The specter of mining plunder is also expected to worsen. ASEAN members host among the most enviable mineral resources in the world: sapphires in Laos and Vietnam, nickel in the Philippines and Indonesia, bauxite in Malaysia, tin in Thailand, and jade and asbestos in Myanmar. Mining companies from China, Australia, Canada, Japan, and the US are salivating over the prospects of profits from these mineral resources, while industrial companies in these countries are eager to get their hands on these cheap minerals to be processed into materials with higher value.

Megadam projects in the ASEAN are also set to set fire a construction boom that will adversely affect the people and the environment. The Mekong River traversing Laos, Vietnam, and Cambodia has witnessed the construction of dams along its upstream parts, such as the Xayaburi Dam in Laos.

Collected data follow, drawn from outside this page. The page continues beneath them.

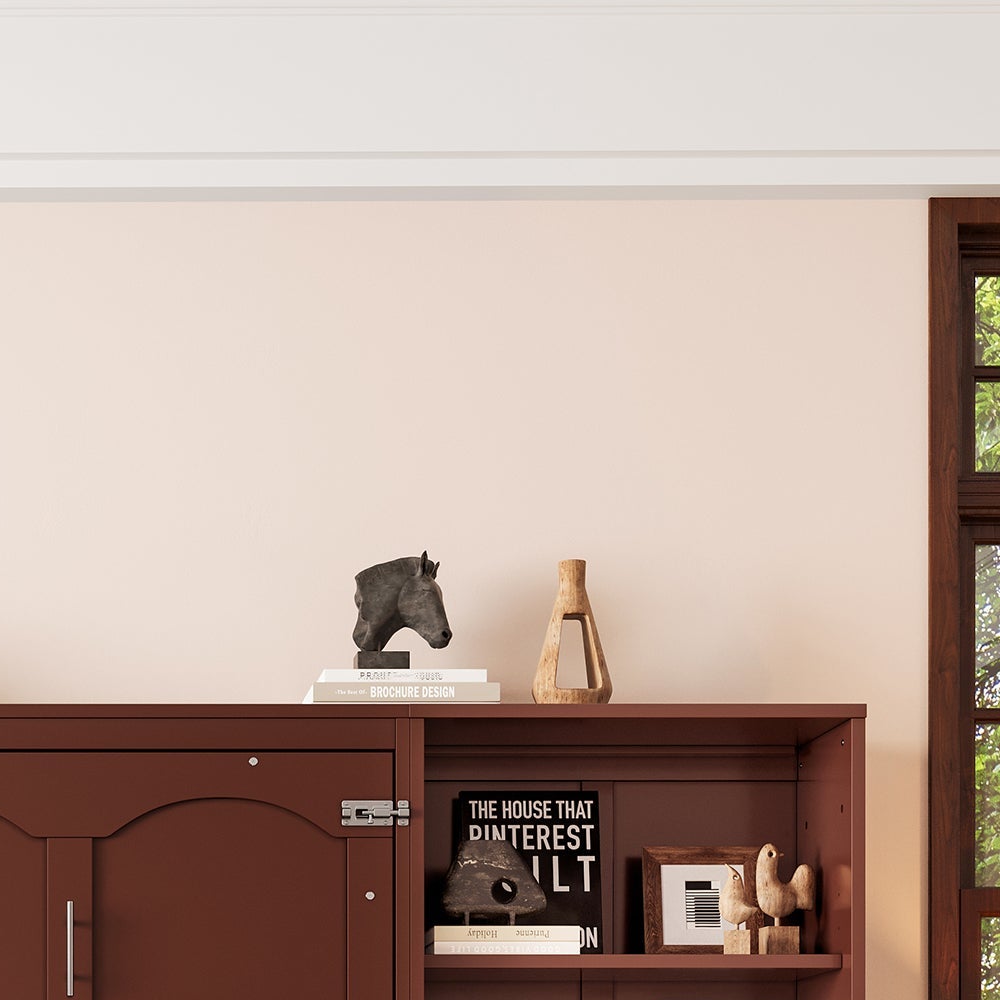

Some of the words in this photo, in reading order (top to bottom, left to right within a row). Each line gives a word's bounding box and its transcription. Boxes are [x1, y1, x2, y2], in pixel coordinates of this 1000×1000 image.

[370, 686, 419, 698] BROCHURE
[422, 686, 455, 698] DESIGN
[468, 800, 498, 819] THE
[502, 800, 552, 819] HOUSE
[555, 800, 594, 819] THAT
[469, 824, 595, 850] PINTEREST
[532, 855, 596, 892] ILT
[467, 928, 498, 939] Holiday
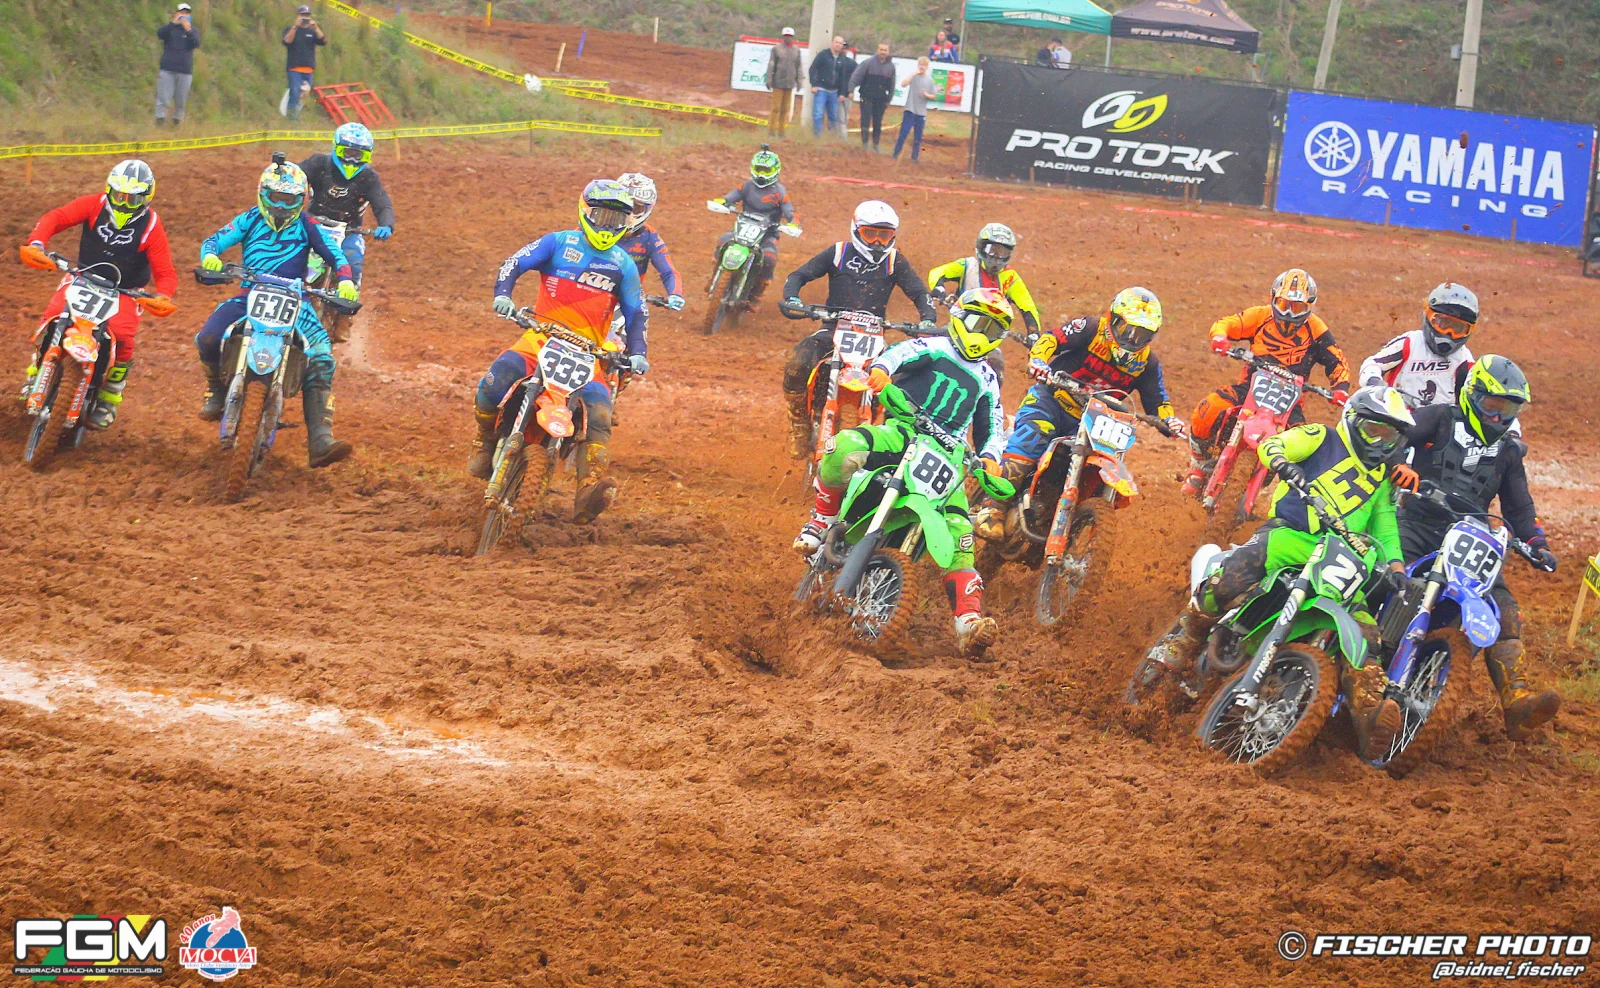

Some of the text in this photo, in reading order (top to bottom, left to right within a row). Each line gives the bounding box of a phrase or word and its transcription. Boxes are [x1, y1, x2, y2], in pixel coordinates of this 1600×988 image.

[1005, 129, 1234, 174] PRO TORK
[1366, 129, 1565, 201] YAMAHA
[1034, 160, 1205, 184] RACING DEVELOPMENT
[1321, 180, 1549, 218] RACING
[577, 271, 617, 292] KTM
[71, 289, 114, 320] 31
[250, 293, 299, 324] 636
[840, 332, 876, 358] 541
[1091, 341, 1109, 357] 180
[543, 350, 591, 389] 333
[1411, 360, 1451, 371] IMS
[1252, 376, 1298, 415] 222
[1091, 414, 1133, 450] 86
[1467, 446, 1500, 458] IMS
[912, 451, 954, 495] 88
[1447, 533, 1500, 584] 932

The fisheries livelihood of downstream dwellers were affected as fish migrations and the flow of fish food sources from upstream were blocked and downstream flood cycles disrupted by the dams. The megadams will also reduce the flow of nutrients downstream and threaten the food security of the entire region as bulk of rice production in ASEAN occurs at the Mekong River delta downstream. The Jalaur megadam in Iloilo threatens to inundate communities living adjacent the proposed dam embankment.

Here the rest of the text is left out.